> Records supplied:
++++

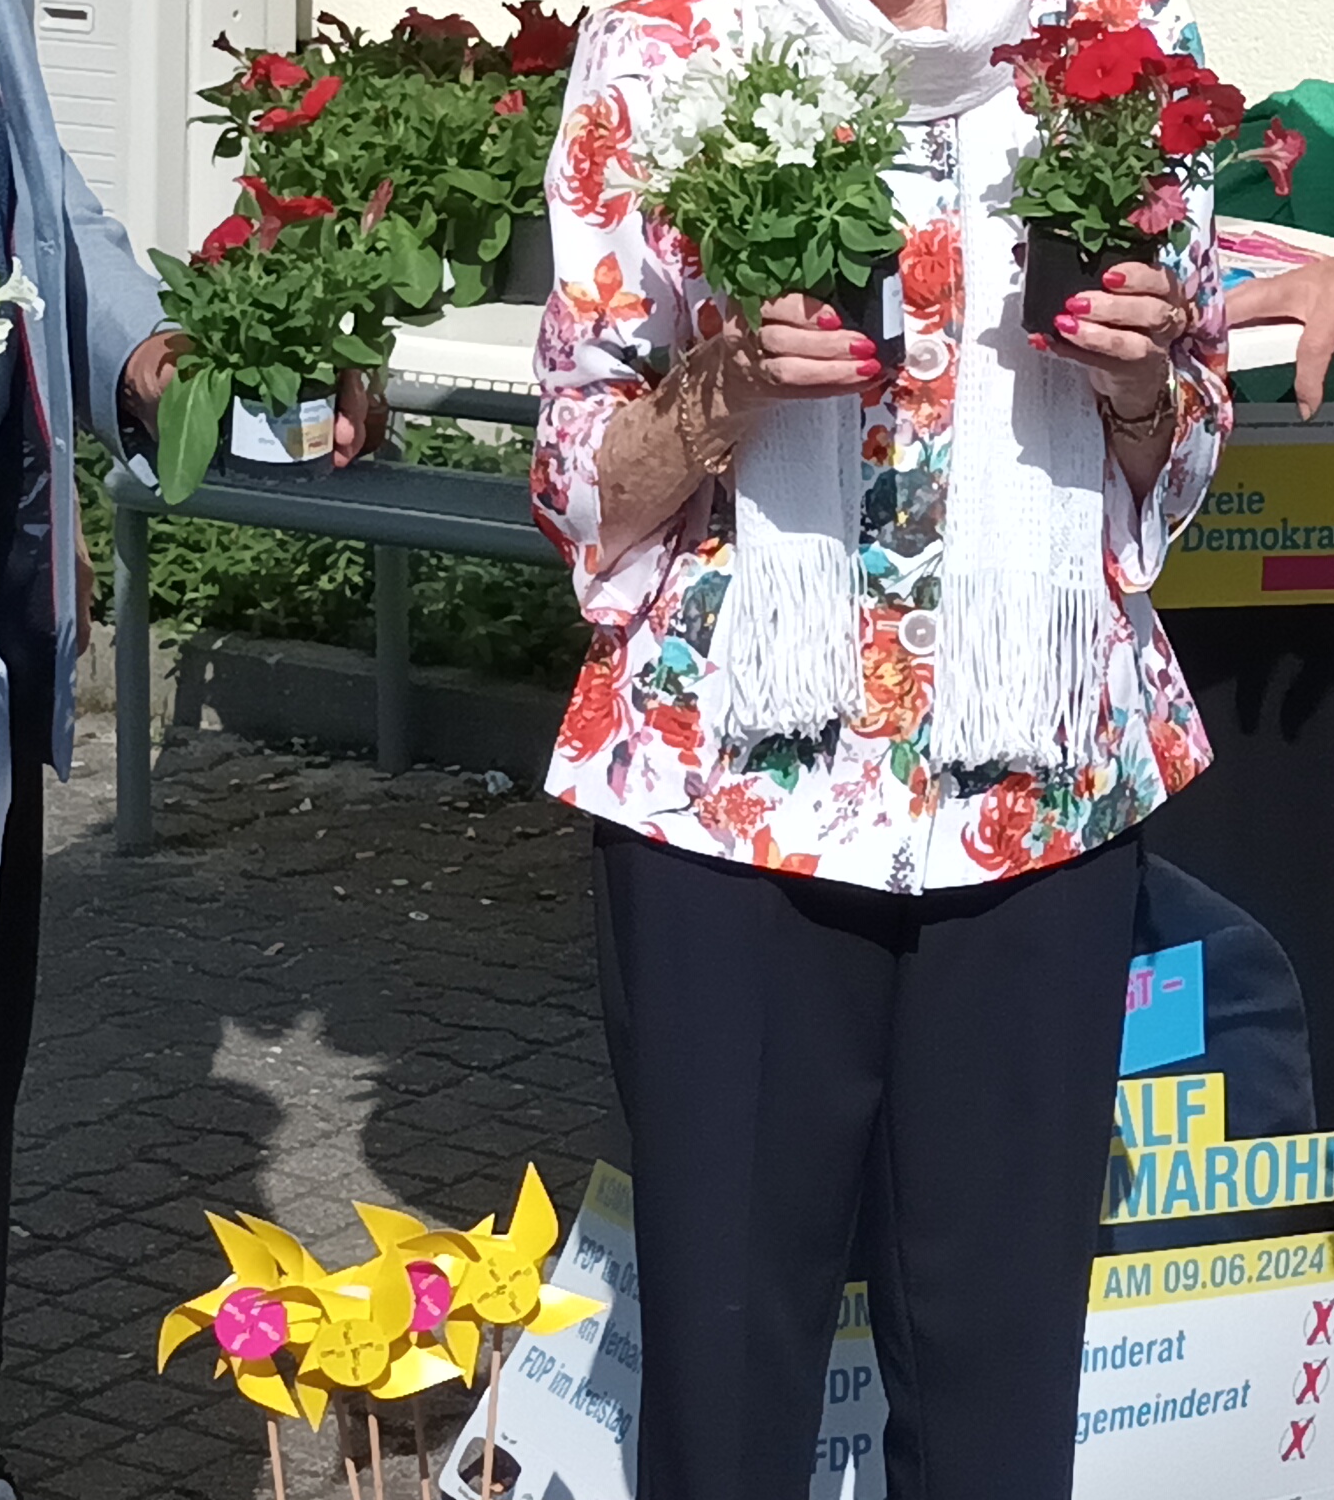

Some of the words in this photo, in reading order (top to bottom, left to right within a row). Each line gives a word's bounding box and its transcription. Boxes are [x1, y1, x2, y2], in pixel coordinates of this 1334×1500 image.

[1199, 482, 1266, 516] reie
[1116, 1078, 1206, 1149] ALF
[1103, 1263, 1152, 1300] AM
[1163, 1242, 1326, 1294] 09.06.2024
[518, 1345, 557, 1381] FDP
[549, 1363, 574, 1401] im
[569, 1379, 633, 1445] Kreistag
[829, 1366, 873, 1405] DP
[1081, 1329, 1187, 1374] inderat
[1074, 1378, 1252, 1445] gemeinderat
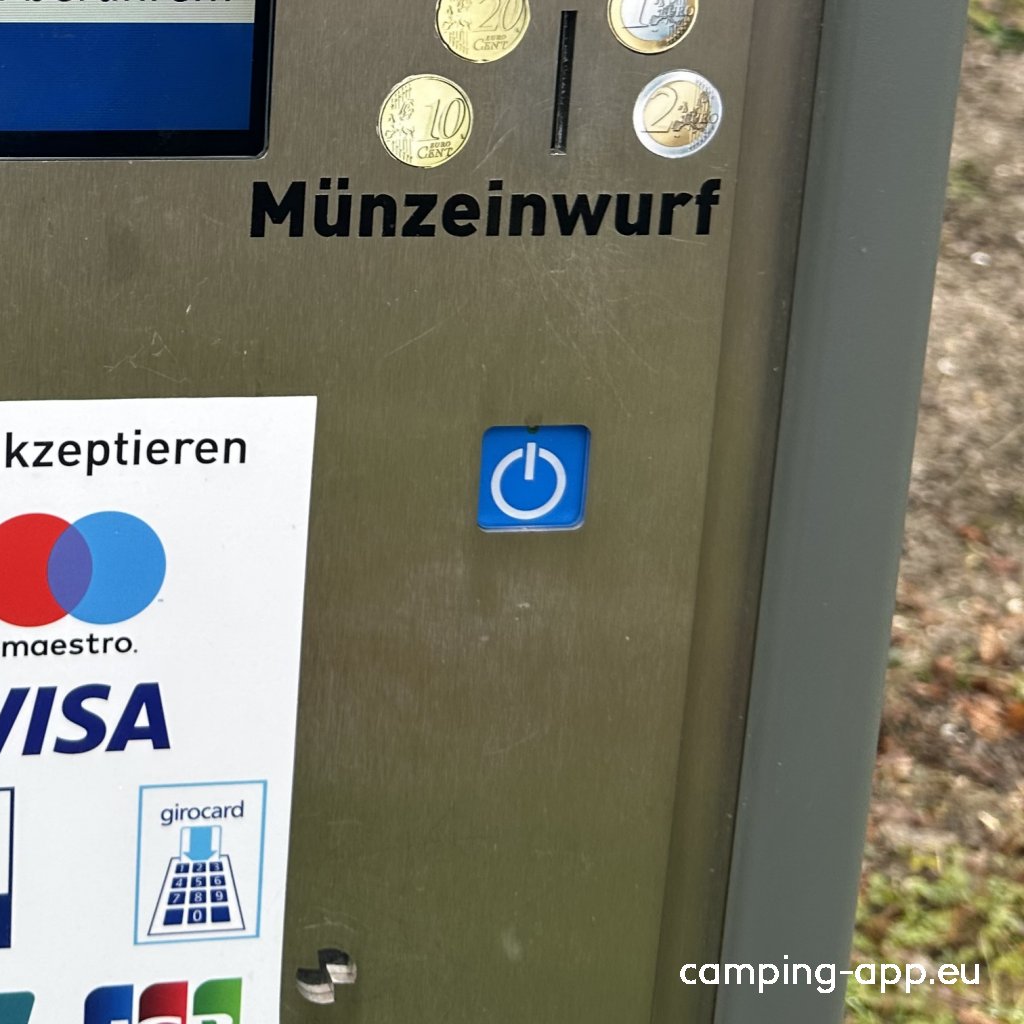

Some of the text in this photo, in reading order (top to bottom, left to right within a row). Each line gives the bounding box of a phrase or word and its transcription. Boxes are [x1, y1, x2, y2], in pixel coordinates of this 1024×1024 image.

[418, 97, 466, 142] 10
[640, 86, 677, 133] 2
[430, 140, 451, 148] EURO
[249, 177, 722, 238] Münzeinwurf
[160, 799, 245, 827] girocard
[176, 877, 221, 887] 4 5 6
[173, 891, 223, 903] 7 8 9
[193, 910, 202, 921] 0
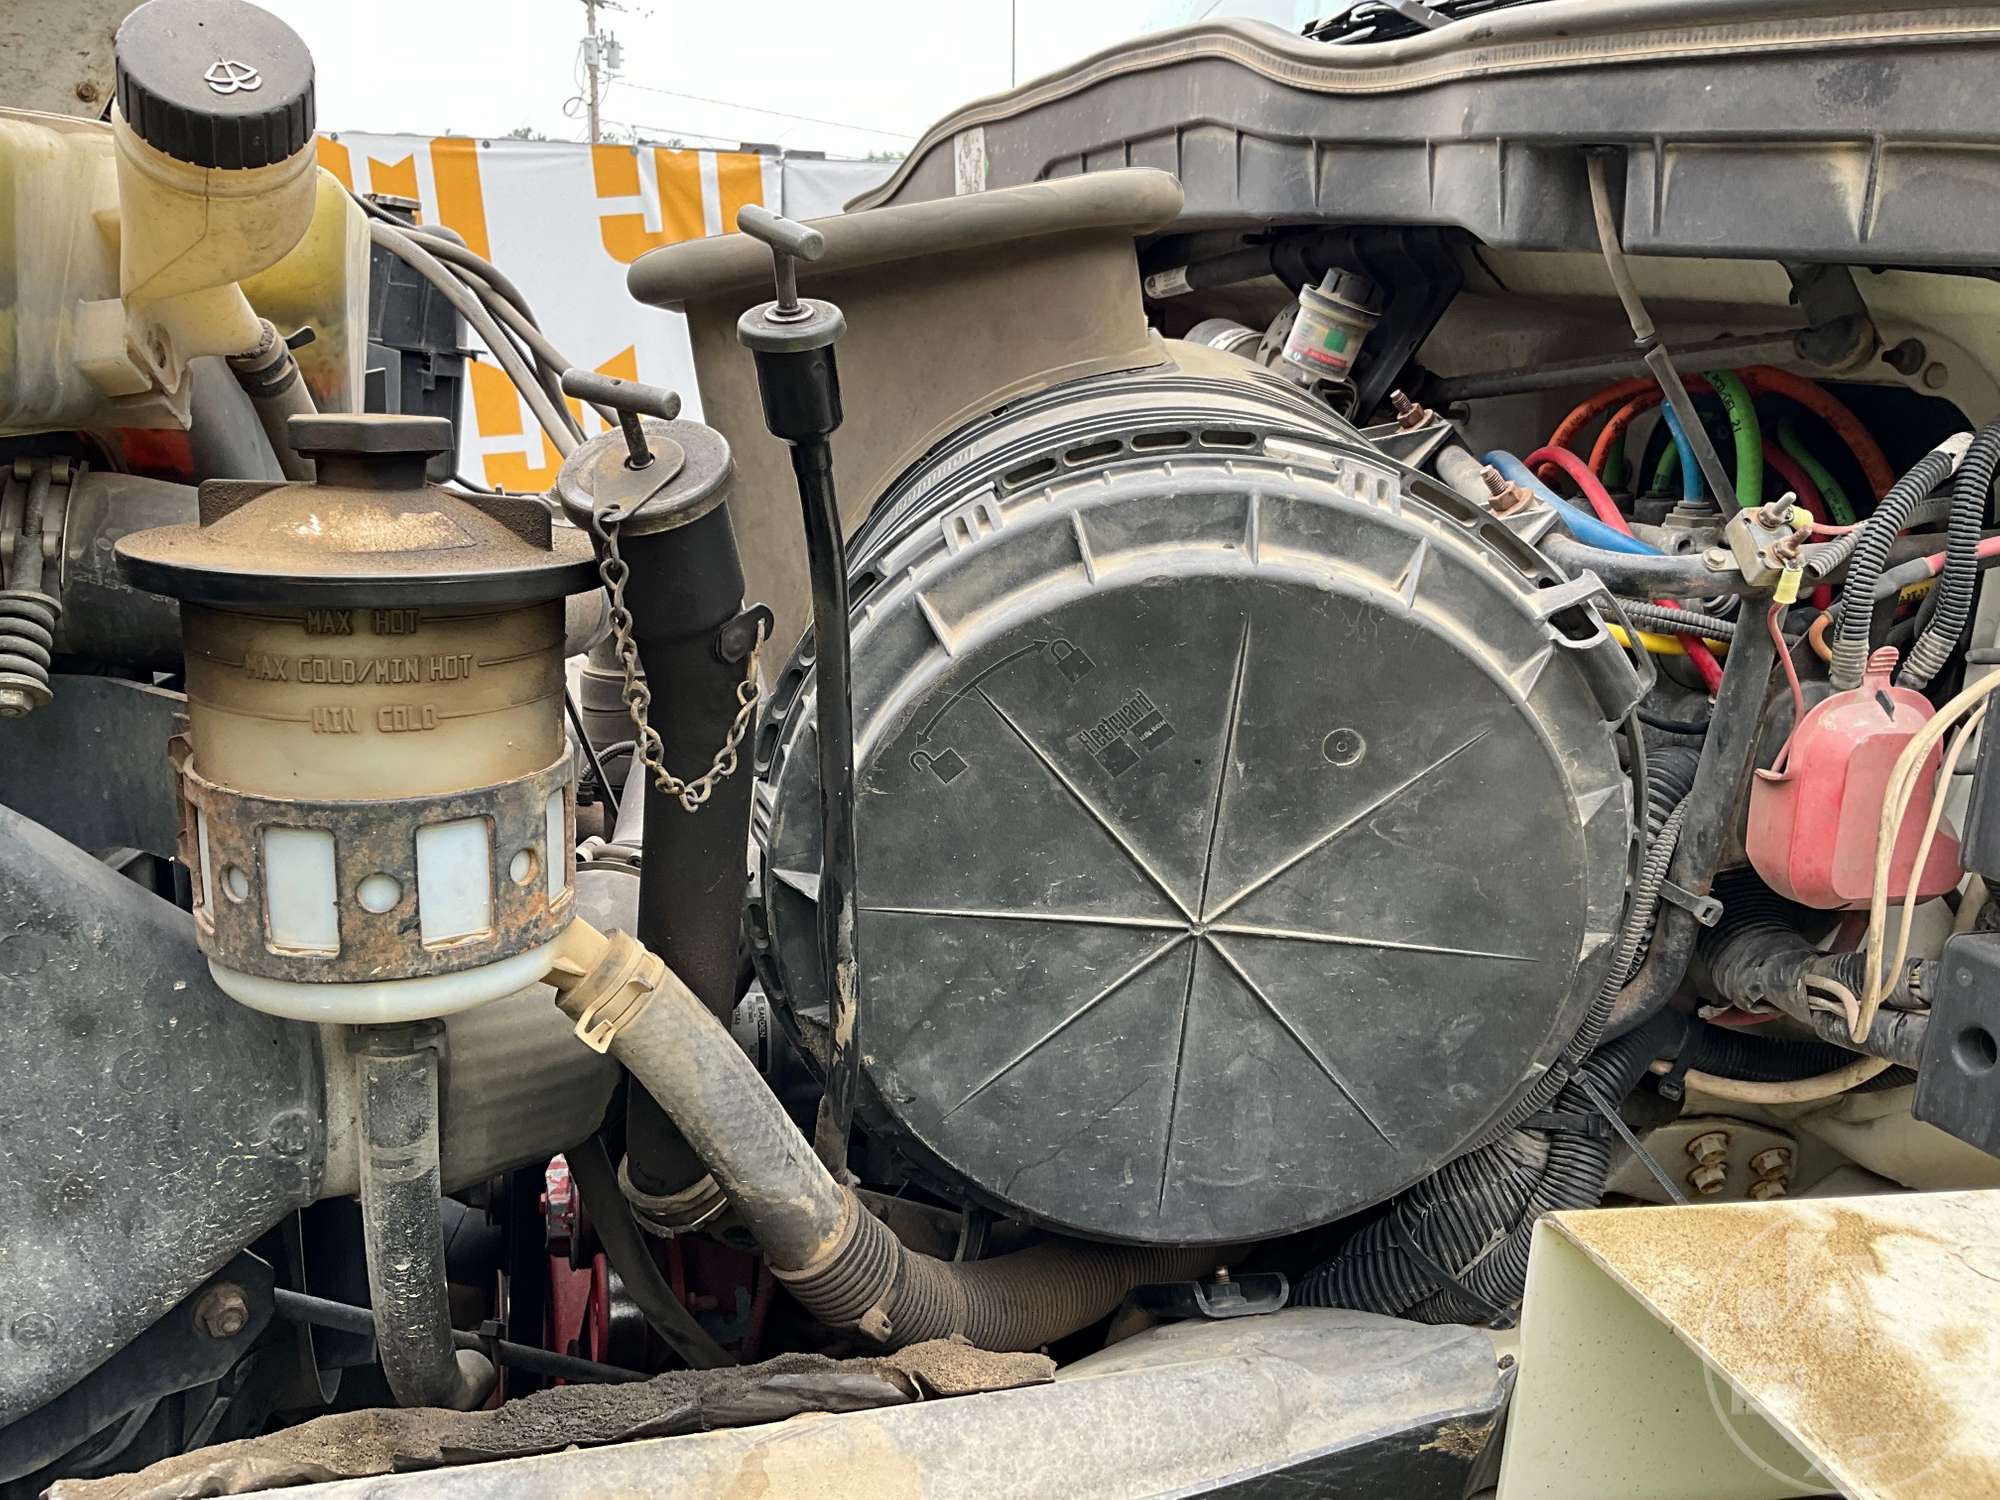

++++

> What to do: Each record above has to be written out again in full, but its pictures must not be.

> Reply:
Some of the words in this photo, in reading order (top to bottom, left to right within a row). Each line gives a word's bounding box and its transcription. Boxes are [x1, y1, x2, y2], in pixel coordinates of this 1334×1500 image.

[1199, 482, 1266, 516] reie
[1116, 1078, 1206, 1149] ALF
[1103, 1263, 1152, 1300] AM
[1163, 1242, 1326, 1294] 09.06.2024
[518, 1345, 557, 1381] FDP
[549, 1363, 574, 1401] im
[569, 1379, 633, 1445] Kreistag
[829, 1366, 873, 1405] DP
[1081, 1329, 1187, 1374] inderat
[1074, 1378, 1252, 1445] gemeinderat

Some of the text in this photo, in reading order (top to bottom, left to right within a row). Each line gives the bounding box of a phrase or word and its transcription. Boxes are [x1, y1, x2, y2], in pixel coordinates of this 1024×1024 image.

[418, 97, 466, 142] 10
[640, 86, 677, 133] 2
[430, 140, 451, 148] EURO
[249, 177, 722, 238] Münzeinwurf
[160, 799, 245, 827] girocard
[176, 877, 221, 887] 4 5 6
[173, 891, 223, 903] 7 8 9
[193, 910, 202, 921] 0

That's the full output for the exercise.